4. Do you have monochromatic dreams?
Nah
5. Do you have dreams in shades that do not reflect your everyday life?
Bit

Just some fixes for my last post!  ::D:

----------


## Howie

> Howie's the man with the machine gun!



  Don't worry, you are not in my sites.          They may seem redundant, however they are not.  monochromatic can consist of colors other than Black and white where as black and white are...........black and white  Any question that seems vague I would be glad to elaborate.  thanks

----------


## Axon

Every dream I've ever had has been in full color.

----------


## Dizko

_1. I have never had a dream in color_ - I always dream in colour

_2. Do you dream in color? If so how often?_ Yes, 100%
_
3. My dreams mostly consist of this or these colors._ All.

_4. Do you have monochromatic dreams? %_ Dont think so
_
5.*Do you have dreams in shades that do not reflect your everyday life?_ I once had a dream, where i saw a green dragon in the distance, but this green was not like any other green. Its very hard to explain but it was almost like a new colour. It seemed to have life and it was very nice to look at.
_
6. Do you have black and white dreams?_  Nope.

----------


## AlexLou

1. I have never had a dream in color:  No, I have dreams in color.

2. Do you dream in color? If so how often? All the time.

3. My dreams mostly consist of this or these colors:  My dreams will either be normal colors, brighter than normal colors, and/or nighttime colors (black, white, and blue).

4. Do you have monochromatic dreams? No.

5. Do you have dreams in shades that do not reflect your everyday life?  Yep.  Usually my dreams have brighter colors than I see in everyday life.  I see bright pinks and golds and blues.

6. Do you have black and white dreams?
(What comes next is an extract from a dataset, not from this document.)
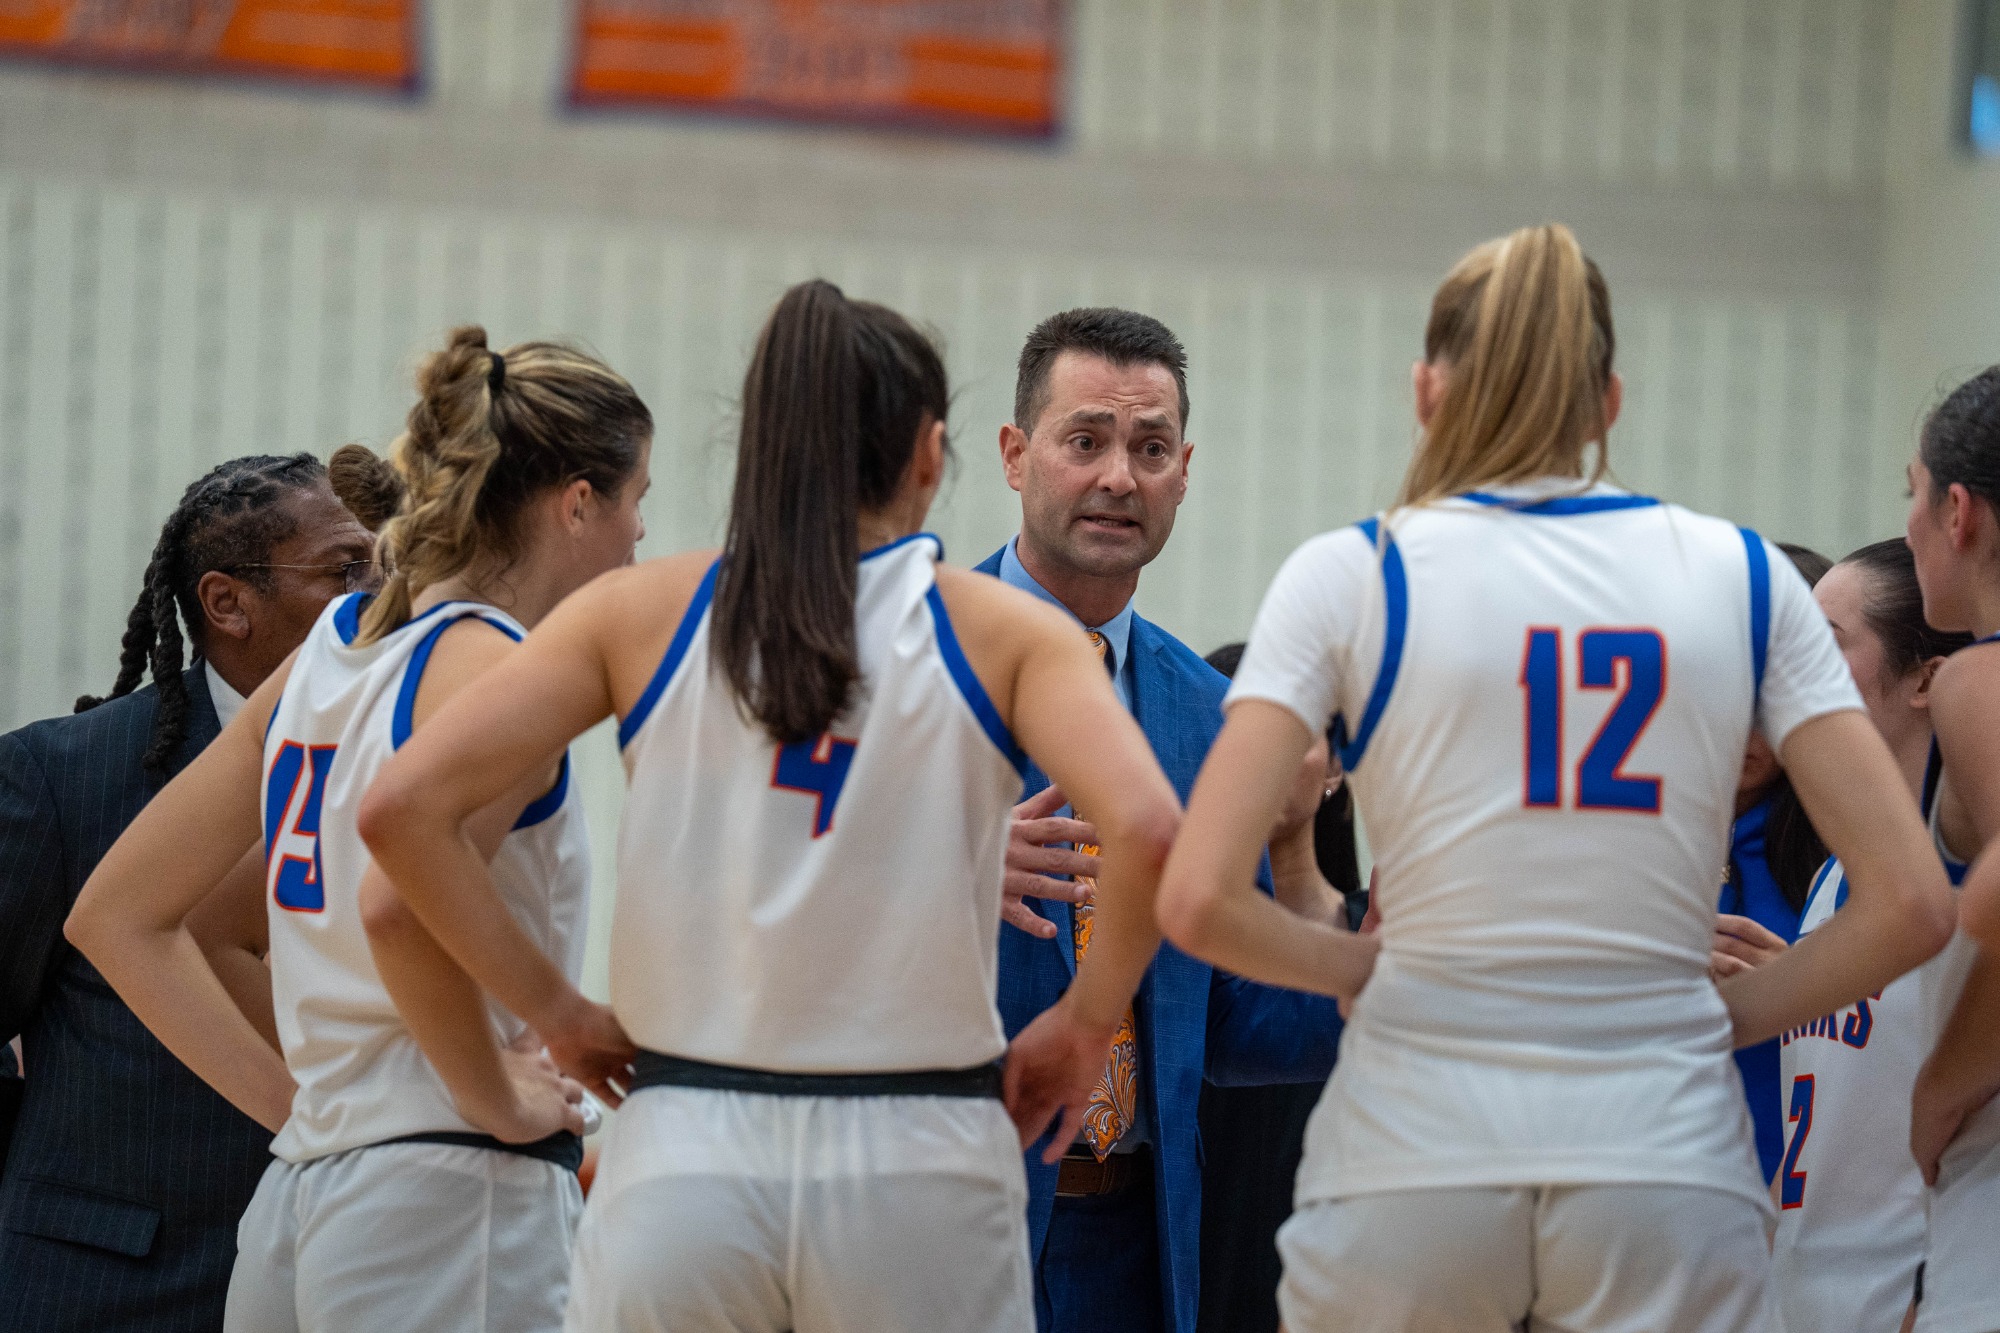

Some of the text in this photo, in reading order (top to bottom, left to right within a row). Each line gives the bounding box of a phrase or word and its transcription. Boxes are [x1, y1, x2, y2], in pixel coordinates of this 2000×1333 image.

[769, 732, 859, 839] 4
[1518, 625, 1668, 814] 12
[1781, 1073, 1815, 1210] 2
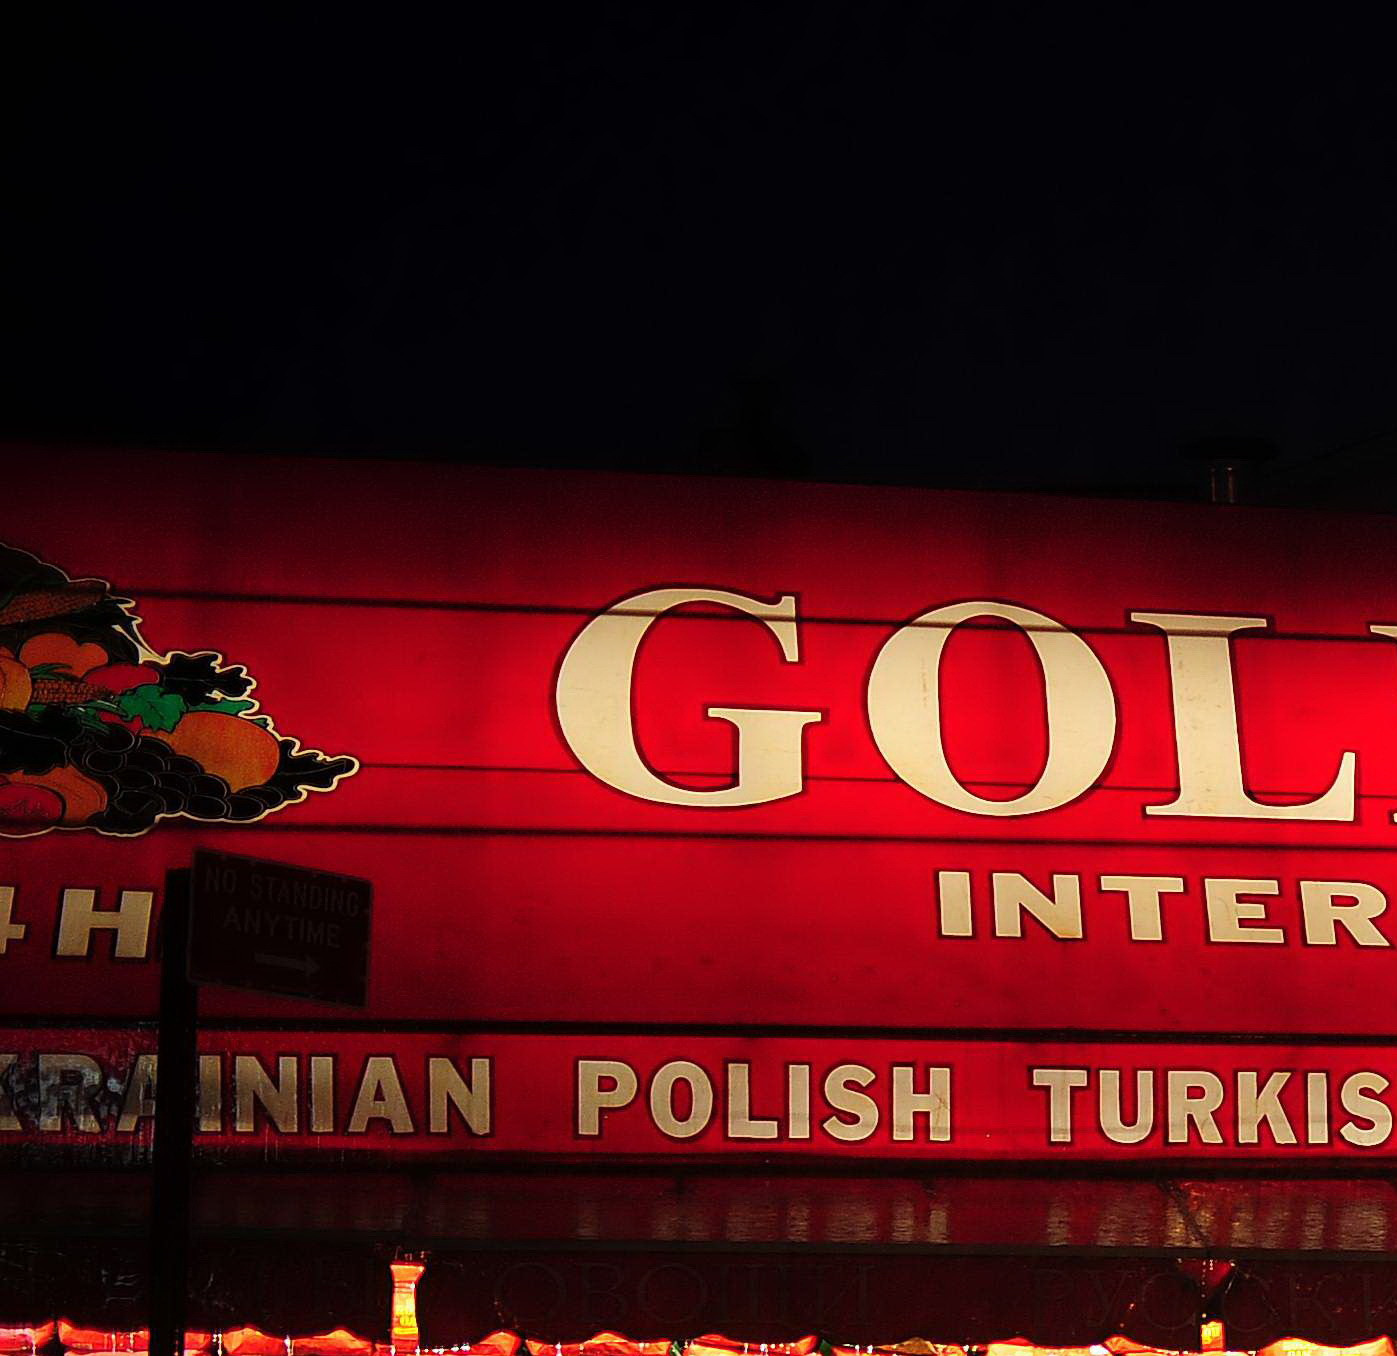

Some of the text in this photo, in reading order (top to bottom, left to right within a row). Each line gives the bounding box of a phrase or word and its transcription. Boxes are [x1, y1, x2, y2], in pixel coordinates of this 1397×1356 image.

Not that I can remember.  It's possible that some of my dreams that take place at night are black and white only.

----------


## Man of Steel

*1. I have never had a dream in color:* False

*2. Do you dream in color? If so how often?*  Yes, every night.

*3. My dreams mostly consist of this or these colors:* It depends on the dream, and my mood before I go to bed. Sometimes I have really dark dreams that consist of dark, muted, dull colors, but other times I'll have brilliant, vivid dreams that consist of bright, colorful, vibrant colors like blues, greens, yellows, and reds. Mostly colors seen in nature, only brighter and more vivid/vibrant.
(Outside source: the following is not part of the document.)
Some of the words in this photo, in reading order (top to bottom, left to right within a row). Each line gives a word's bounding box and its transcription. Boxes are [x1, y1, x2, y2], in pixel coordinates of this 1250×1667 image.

*4. Do you have monochromatic dreams?* Not that I can recall, but possibly. I'll certainly let you know if I do!

*5. Do you have dreams in shades that do not reflect your everyday life?*  Yes, all the time! See question number 3 for more. 

*6. Do you have black and white dreams?* Nope, not to my knowledge.
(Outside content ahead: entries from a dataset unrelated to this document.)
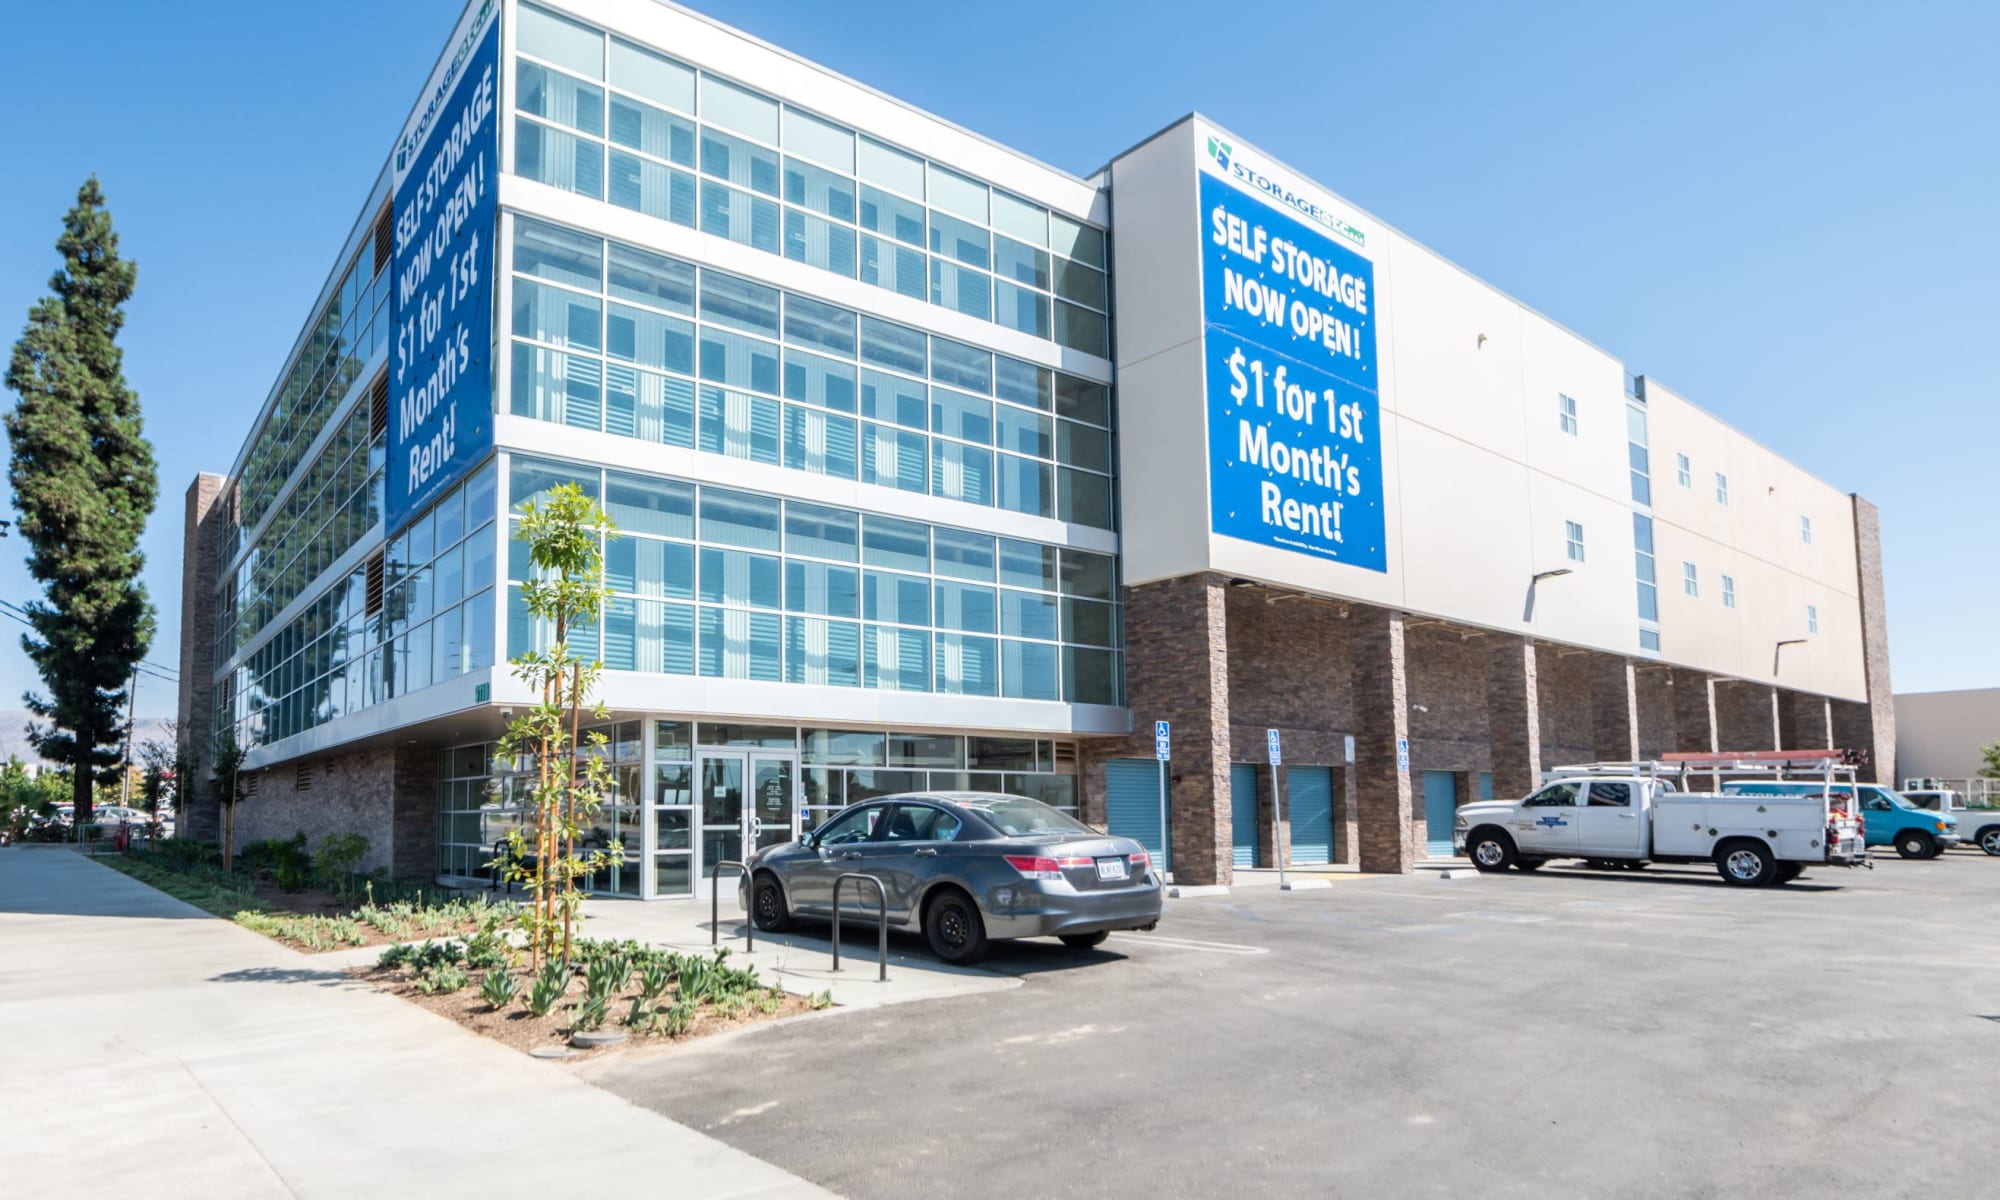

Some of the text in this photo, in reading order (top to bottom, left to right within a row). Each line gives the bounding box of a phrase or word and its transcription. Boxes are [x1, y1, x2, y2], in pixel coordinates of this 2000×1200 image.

[396, 64, 492, 259] SELF STORAGE
[399, 152, 484, 312] NOW OPEN!
[1212, 206, 1367, 315] SELF STORAGE
[397, 233, 479, 385] $1 for 1st
[1224, 268, 1361, 360] NOW OPEN!
[399, 321, 469, 446] Month's
[1229, 347, 1363, 444] $1 for 1st
[1239, 420, 1361, 496] Month's
Great idea for a topic, Howie, by the way. I thought I'd already posted a good while back, but I see that I didn't.

----------


## Man of Steel

I have an update, actually. Maybe reading this thread last night had something to do with it, but I had a dream with unique colorization last night. It had almost a duotone look to it. You know that gritty, slightly high contrast style that some movies are shot in? With concentration on a certain spectrum of colors? I had a dream like that this afternoon during a nap. The colors were mostly browns, dark reds, and dull greens, with some tan like dried grass. Muted, high contrast colors with a gritty, dirty feel. 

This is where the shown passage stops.